Lightning Todd frowned again. “Don’t you know who I am?”
“Lightning Todd?” Chris said gamely. The back of his head had to be smoking by now. He could hear Laurali sighing theatrically at the cash desk.
The blond nodded. “The one and only. So, here’s the thing. I’ve tuned in on you, which, as you know, is totally awesome.”
“Totally.” Chris shifted the books from his left arm to his right. Tolstoy didn’t weigh this much. Shouldn’t classics weigh more than teenaged hormones? “Listen, I’m really flattered, but I’m at work right now.” He offered his best smile.
“What?” Lightning Todd frowned again. It didn’t seem to take much to confuse him. “Oh!” His eyes widened. “Oh my god, no! I’m not hitting on you. You’re old!”
Chris’s teeth clenched. “I’m thirty-six.”
“Really?” Lightning Todd peered at him. “I wouldn’t have said more than thirty-two. Well done.”
“Thank you.” Chris felt his face reddening. “Listen, I need to get these dealt with.” He lifted the hardcovers slightly. “So if there’s nothing I can help you with…”
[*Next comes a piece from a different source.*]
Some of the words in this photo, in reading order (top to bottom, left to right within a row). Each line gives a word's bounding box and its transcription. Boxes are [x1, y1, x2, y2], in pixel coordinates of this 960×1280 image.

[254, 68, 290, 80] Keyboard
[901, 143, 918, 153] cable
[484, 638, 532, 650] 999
Lightning Todd shook his head. “You’re not open to it right now. But listen, after the coffee issue and the zipper thing, I’ll come back, and we’ll chat again, okay,” Lightning Todd paused and glanced again at Chris’s nametag, “Chris?”
“Sure.” The coffee issue and the zipper thing?
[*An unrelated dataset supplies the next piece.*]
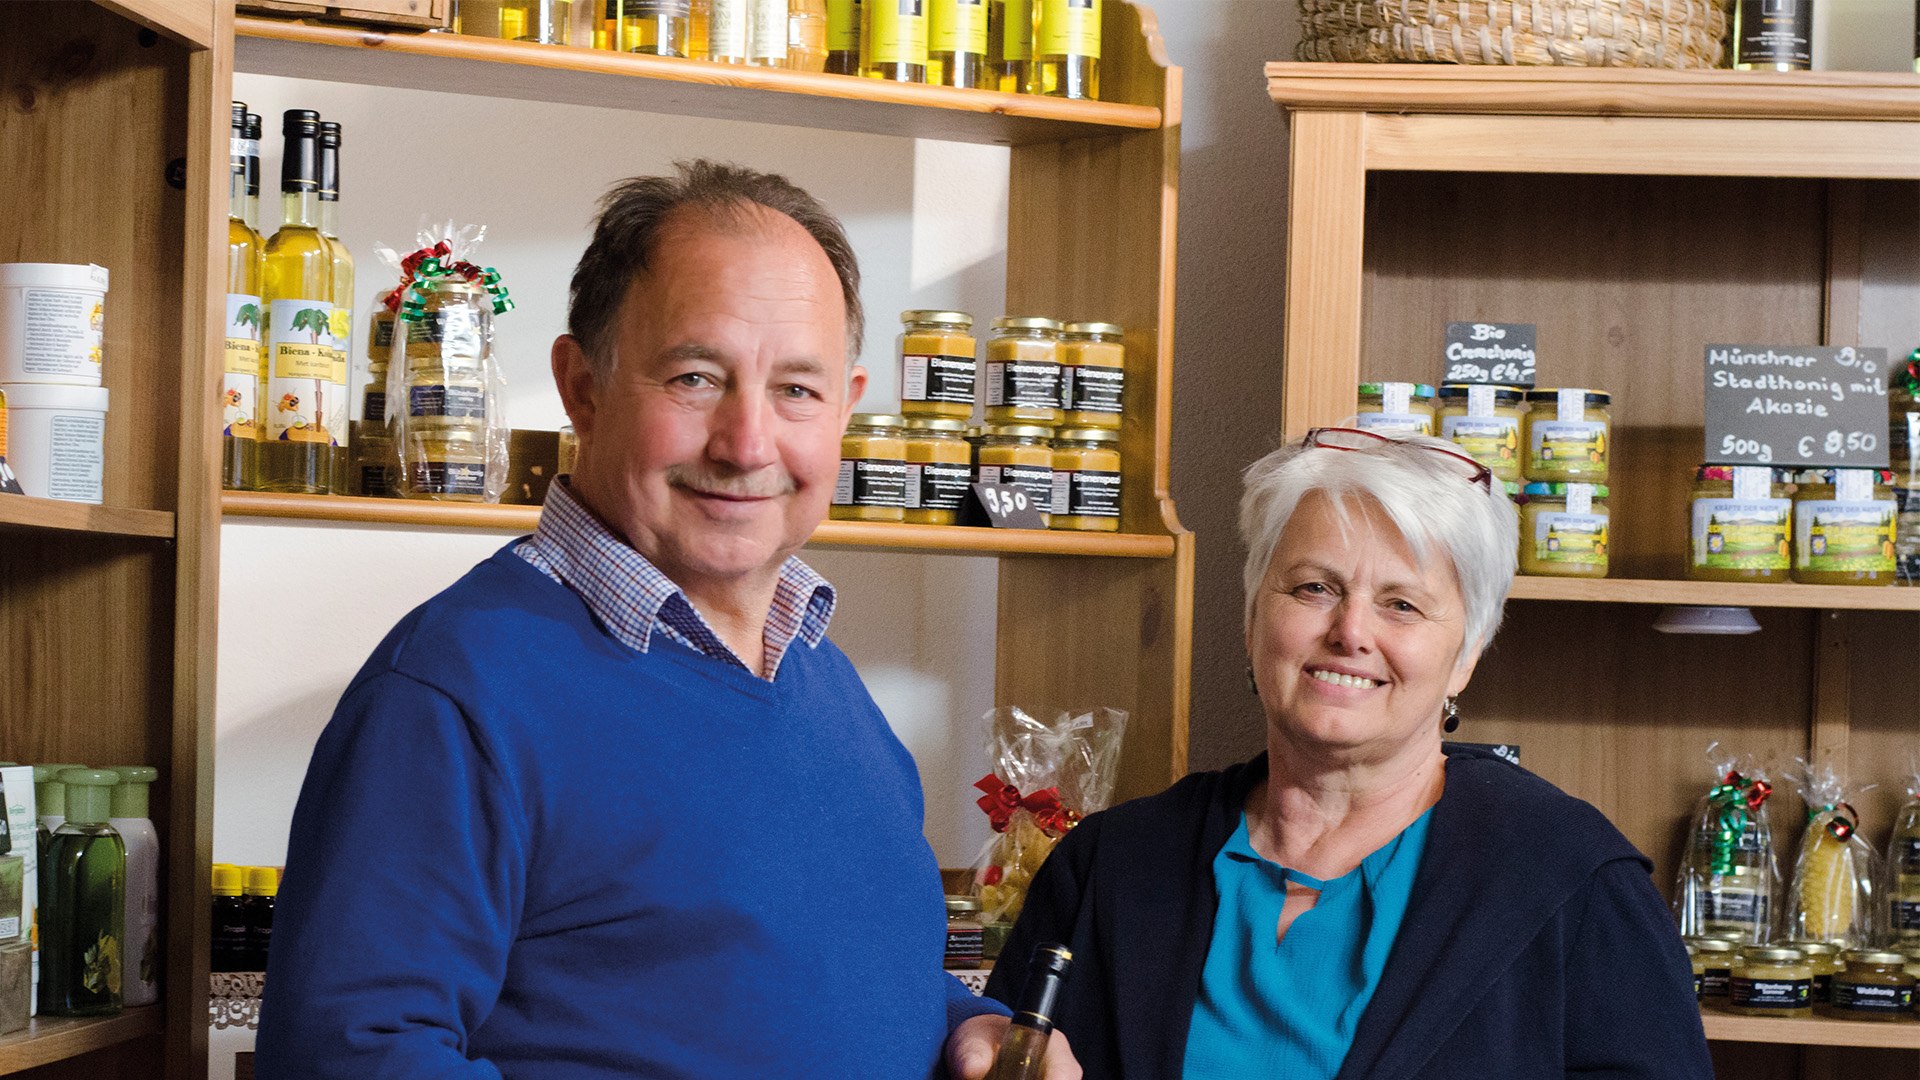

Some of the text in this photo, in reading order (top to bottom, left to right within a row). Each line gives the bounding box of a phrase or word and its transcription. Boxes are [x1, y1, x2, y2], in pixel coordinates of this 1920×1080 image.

Lightning Todd nodded and walked past him. Chris could have sworn he heard the blond mutter “Thirty-six!” under his breath with something like disgust. When Chris got to the cash registers, Laurali was scowling at him.
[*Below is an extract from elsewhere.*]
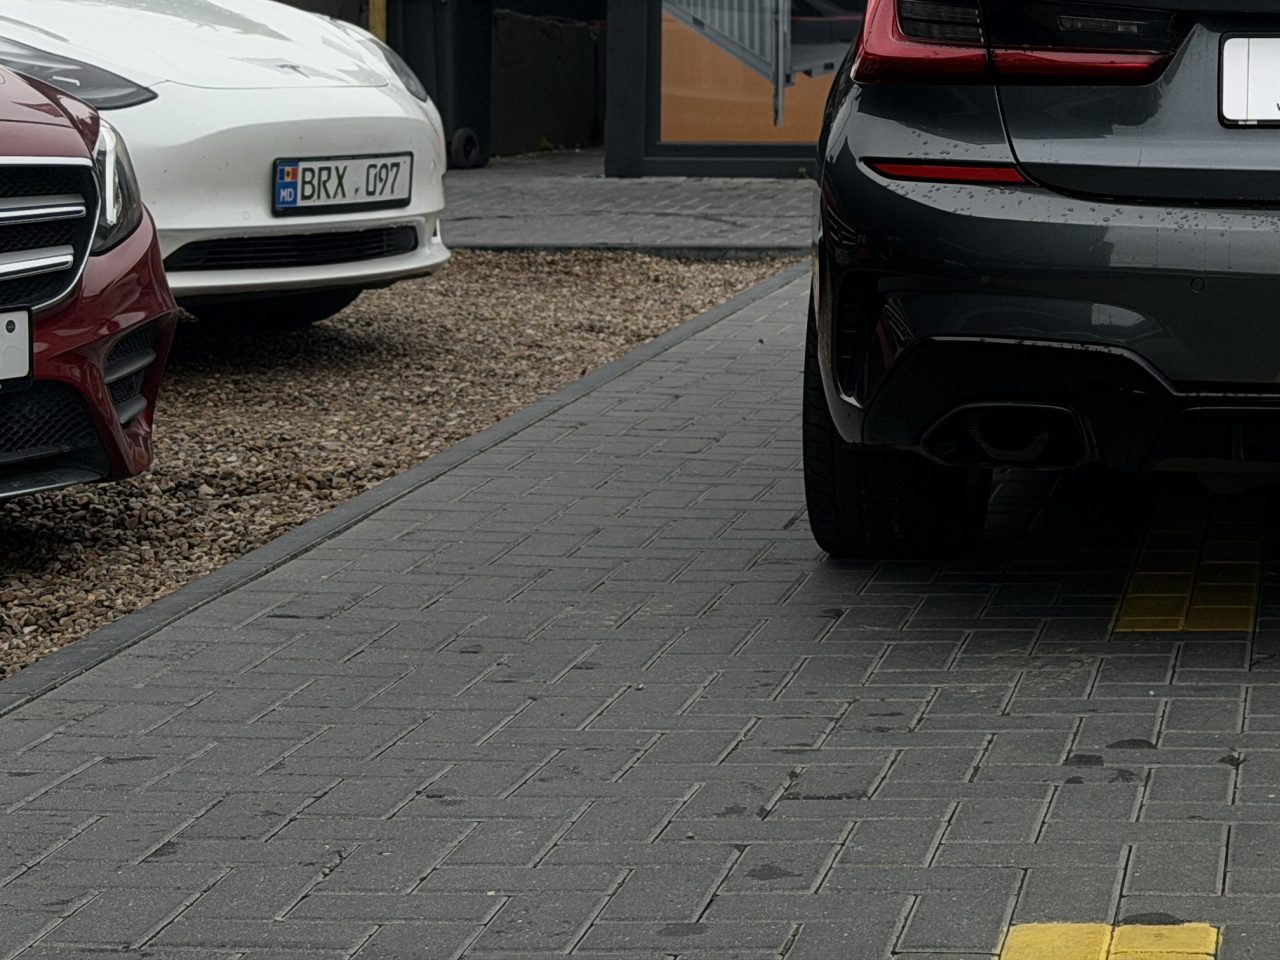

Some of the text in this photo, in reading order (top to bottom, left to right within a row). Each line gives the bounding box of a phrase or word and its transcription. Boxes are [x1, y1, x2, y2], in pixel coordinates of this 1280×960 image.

[301, 162, 401, 200] BRX 097
[279, 188, 295, 202] MD
“Friend of yours?” she asked. Chris reminded himself that she was only a temporary problem. Laurali was covering Tracey’s maternity leave. Tracey was the greatest boss Chris had ever had. Laurali, Chris was sure, had been sent by his own personal devil to make his life as miserable as possible. She had the worst sense of “business casual” Chris had ever encountered—today her blouse was leopard print—and she wore faux glasses that didn’t have a prescription because—her words—“people equate glasses with management.”
“No,” Chris said, putting down the books. His arms felt light and rubbery. “Customer.”
“He couldn’t have been a customer,” Laurali said. Her voice was singsong upbeat. That meant trouble.
“He wasn’t a friend,” Chris repeated. Laurali hated it when the staff had friends drop by. Unless they were hers.
“But if he was a customer, you didn’t convert him from a browser to a buyer.” Laurali looked over her glasses—and down her nose—at him. She held up a finger. “Remember the mantra: Conversion is King! You may be only an assistant manager, but if you don’t model the behavior, how will the rest of the staff buy into it?”
“We’re the only two people on shift.” And you’ve been reading that gossip magazine all morning.
Laurali shook her head. “This is the attitude problem I was talking about at our last rap session.”
“I need to put these on the display,” Chris responded before he said something else that he’d regret.
He grabbed the books and turned sharply, slamming into the customer who’d appeared with ninja stealth behind him. The coffee the woman was carrying went all down Chris’s front, covering his vest, shirt and half the hardcovers.
“I’m so sorry,” Laurali said. She sounded positively cheerful. “He’s such a klutz.”